One, two, three, four, five, SIX, seven, eight. One, two, three, four, five, SIX, seven, eight. One, two, three, four, five, SIX, seven, eight. One, two, three, four, five, SIX, seven, eight. One, two, three, four, five, SIX, seven, eight.

Come on, Antonio! Get those buns tight and that spine upright!

One, two, three, four, five, SIX, seven, eight. One, two, three, four, five, SIX, seven, eight. One, two, three, four, five, SIX, seven, eight. One, two, three, four, five, SIX, seven, eight.

Dance! Dance! Dance! You're terrible, Antonio! TERRIBLE!


Tony Santos can be seen sprawled out on the floor, his hair a bloody mess, the skin on his hands practically sawed down to the bone. Tony looks down at the black tile floor and sees his handiwork: a frantically dug crevice with obvious finger indentations.

Tony looks up. The man calling him Antonio is his salsa dancing teacher in South Beach, Miami, Florida. What had started as a run-of-the-mill, $20 salsa dancing class as a gag for a lonely, drunken Tony in a shithole bar in Miami had turned in to a weeklong horror show. Only, it felt like a month, or a year. Tony had failed to properly get the salsa cadence down, and his dear salsa teacher, Carlos, refused to let him leave until he could get it right.

Tony hadn't gotten it right.

Tony was partnered with a lovely Caucasian female by the name of Brianna. She, like Tony, had no clue as to what salsa dancing entailed, so they were perfectly green for one another. A meek, 5'3" woman, Tony towered over her with his 6'2" frame. They had clasped hands: her left and his right, and anchored their opposite hands to each other's waist. That's when the lesson started, and when Tony failed.

One, two, three, four, five, SIX, seven, eight. That's what was playing through Tony's head, nonstop. One, two, three, four, five, SIX, seven, eight. A quick roll through the first five steps, a large enunciation on six, and a slower, more deliberate end with seven and eight. The steps never changed, but Tony never got it right.

Carlos wouldn't quit.
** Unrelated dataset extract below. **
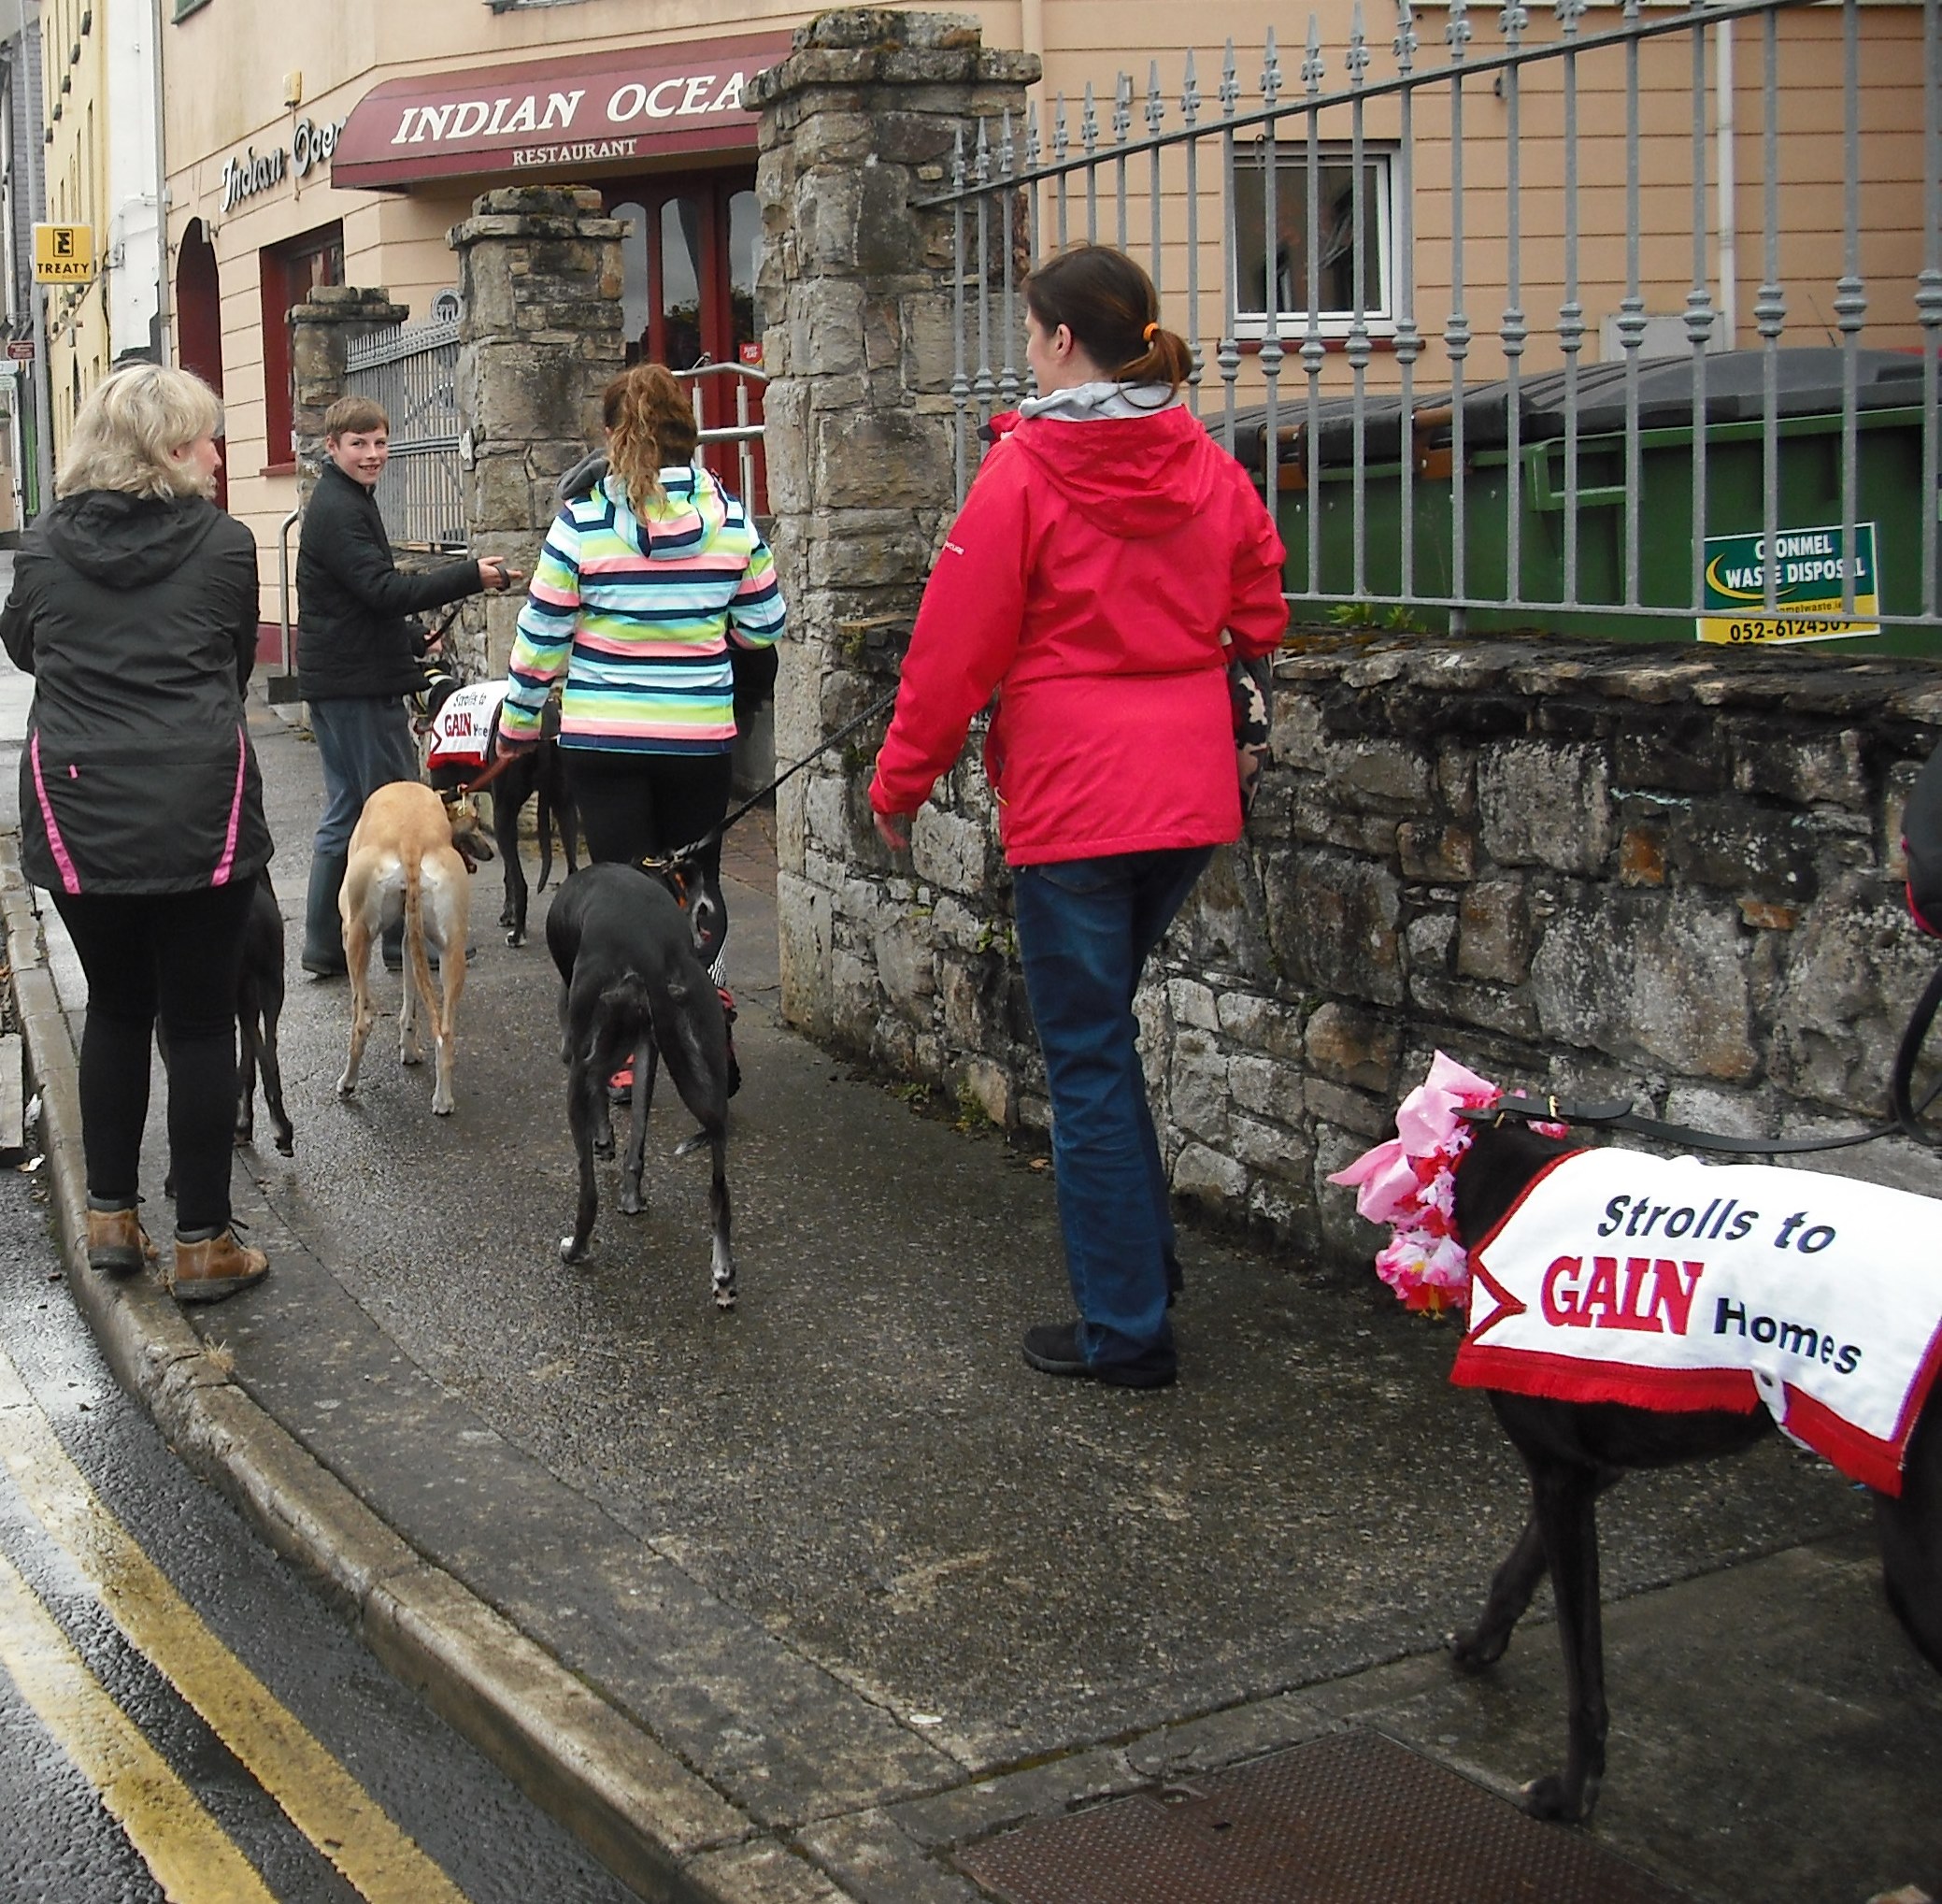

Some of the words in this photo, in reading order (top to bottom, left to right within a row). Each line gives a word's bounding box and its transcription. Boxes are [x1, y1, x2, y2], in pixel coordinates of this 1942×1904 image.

The door was locked.

Tony seemingly got increasingly more inebriated without taking another sip of alcohol, which made the task impossible. He practically broke all of Brianna's toes with the endless amount of missteps. He continuously dropped his weight on to her right shoulder as he lost control of any sort of balance.

Three hours later.

No progress made. Carlos barks out orders...

Carlos: One, two, three, four, five, SIX, seven, eight. Antonio! One, two, three, four, five, SIX, seven, eight. Antonio! One, two, three, four, five, SIX, seven, eight. Antonio! One, two, three, four, five, SIX, seven, eight. Dance, my child! One, two, three, four, five, SIX, seven, eight. My puppet! One, two, three, four, five, SIX, seven, eight. One, two, three, four, five, SIX, seven, eight. Dance!

Yes, those were his orders. A fucking cadence call along with the name Antonio sprinkled in between.

Three days later.

The room is spinning. Tony's ass is practically cemented to the floor, his legs having long given in under the intense pressure of the dance. Brianna is still standing, her hands in position as if she were dancing with an invisible man, smiling, as she continues the salsa dance that she has mastered. Oh, that smile. A smile someone on LSD couldn't muster up. A smile that frightened Tony of all people.

Tony claws at the tile floor. He looks for a crack. Some way to excavate the foundation and make his way out of here. Anywhere. If he'd soon find himself in an underground cave of gremlins, he'd welcome them with open arms as they tear apart his internal organs.

Three more days later.

Tony'd gone mad by this point. Carlos was still choreographing. Brianna was still dancing by herself. And Tony was wasting plenty of fine, O positive blood that could have been collected by the Red Cross. Tony resorted to banging his head against the floor repeatedly. Hopefully he'd knock himself out and either wake up in an Emergency Room, or he'd just die. Tony managed to knock himself out.

Today.

Tony woke up, alright. He woke up to this...

Carlos: One, two, three, four, five, SIX, seven, eight. One, two, three, four, five, SIX, seven, eight. One, two, three, four, five, SIX, seven, eight. One, two, three, four, five, SIX, seven, eight. One, two, three, four, five, SIX, seven, eight.

Tony lost it.

Santos: You stupid, Latin motherfucker! You've been salsa dancing for a WEEK! A fucking WEEK! I've been sitting in this shithole for a good six days since I stopped fucking dancing! Now stop chanting that mindless fucking drivel before I go all Bostonian on you, you god damn prick!

Carlos stops. Brianna disappears in thin air. Carlos releases his grasp of his partner and turns to Tony. A look of disappointment and shame on his face, Carlos seems like he's actually failed one of his students. From looking at his reaction to all of this, it's clear that this isn't something Carlos is used to, nor accepts.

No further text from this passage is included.